On Dec. 12, I obtained the services of an orthopedic surgeon to replace an arthritic right hip.

Less than three weeks later, after a nasty infection had developed in my new hip, I added a trauma surgeon and an infectious disease specialist to my entourage.

In short, the end of 2019 and the beginning of 2020 have been, well, a trial that maybe only an Iranian general could appreciate.

Some of those days have been bad. Others have been worse. Most have been a mishmash of pain medications and pill takings.

Every day becomes a battle with part of your mind wanting some lucidity and the rest of you wanting the hurting from two serious surgeries to stop.

To borrow from the late, great, gone-too-soon comedian Robin Williams, if you dream you are taking medicine in your sleep and you wake up and you are taking medicine — it’s not a good sign.

And then this happened …

I had been home from my latest stint in the hospital about 24 hours.

The World’s Greatest Fisherman and the World’s Finest Beautician, who had brought me into this world, have turned their combined computer/sewing area into my convalescence room.

It’s a good choice because it is on the main floor and my hip and narcotic-addled brain aren’t great on steps.

Keep in mind however, the World’s Greatest Fisherman has turned his home computer system area into something that looks like NASA’s control center with internet routers, signal boosters and modems. There are fewer blinking lights on the National Christmas Tree.

Maintaining up to 24G quantum computing isn’t easy. And one of the gizmos at command central was blinking red instead of blue. So, the World’s Greatest Fisherman had to call in an expert.

The day the expert could come look at the system was the same day the portable wound vacuum quit working on my hip.

The portable vacuum started beeping and the dressing covering my wound went from looking like a dry piece of thin cardboard to an expanding sponge.

I called the home health nurse, and within 20 minutes they had someone looking at the situation.

Now keep in mind, looking at the wound situation involving a hip replacement requires a pretty thorough undressing of your intrepid reporter.

So, in my 12-by-12 convalescence room there were the World’s Greatest Fisherman and the computer expert, huddled like a pair of mad scientists in the computer section and the World’s Greatest Beautician and a nurse who I had never met before hovering over me as I lay in my bed maybe five feet away.

At some point, others wandered into the room, maybe a half dozen people.
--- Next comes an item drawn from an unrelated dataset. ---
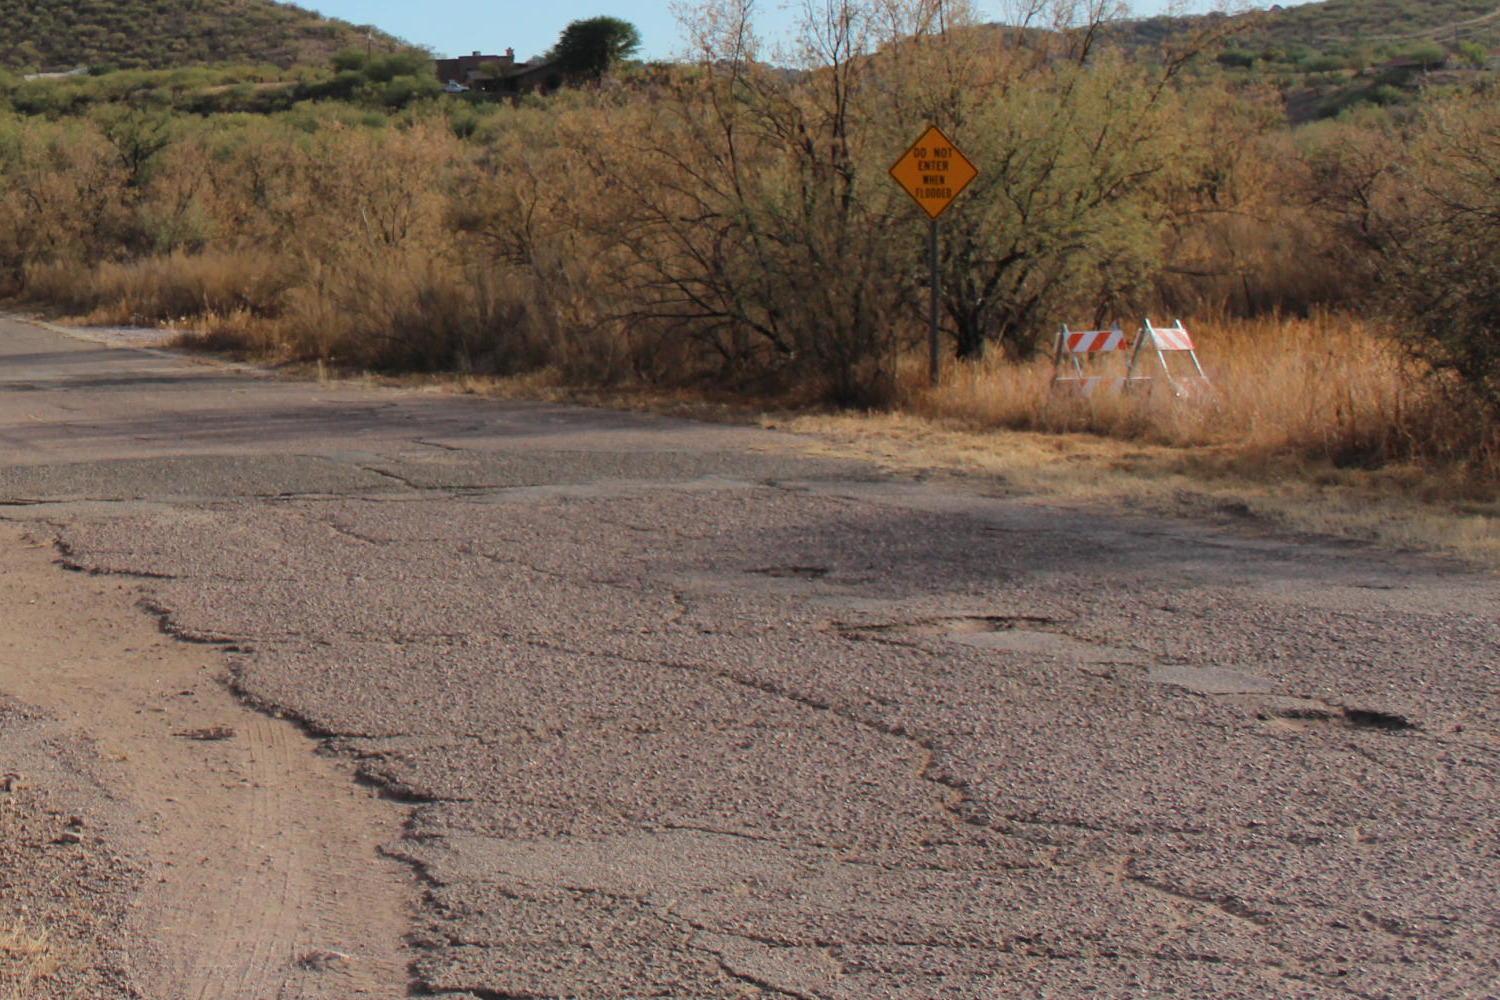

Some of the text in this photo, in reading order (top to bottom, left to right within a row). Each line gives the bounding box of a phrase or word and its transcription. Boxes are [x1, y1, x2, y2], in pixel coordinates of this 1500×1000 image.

Seems there was some kind of school tour.

It was the privacy of trying to take a nap in the middle of Main Street at rush hour.

And I was practically naked.

The home nurse was trying to reach my surgeon to see what might be done. Unable to reach anyone, she was asking me if I wanted her to call 911 to arrange emergency transport to the hospital because of the rapidly changing nature of my wound.

In my other ear, I could hear the World’s Greatest Fisherman relaying network identifiers and pass codes to the computer expert.

At one point, the computer expert asked if I might be going into shock from blood loss, and the nurse wanted to know the baud rate on the internet system.

Or maybe it was the other way around.

I, for my part, had pretty much been keeping my eyes closed the entire time as I lay on the bed in the center of the activity.

I don’t even like to see myself naked, much less see a few complete strangers see me partially disrobed.

I didn’t know whether to request an ambulance or ask for a month of free internet service.

In the end, the World’s Greatest Fisherman took me to the ER where it was determined the best course of action was simply to remove the wound vacuum. I got to go home which is always a plus.

I think we may to need to get a new computer expert, however. The last guy was looking a little green around the gills when he left.

And I may see about getting a more private room.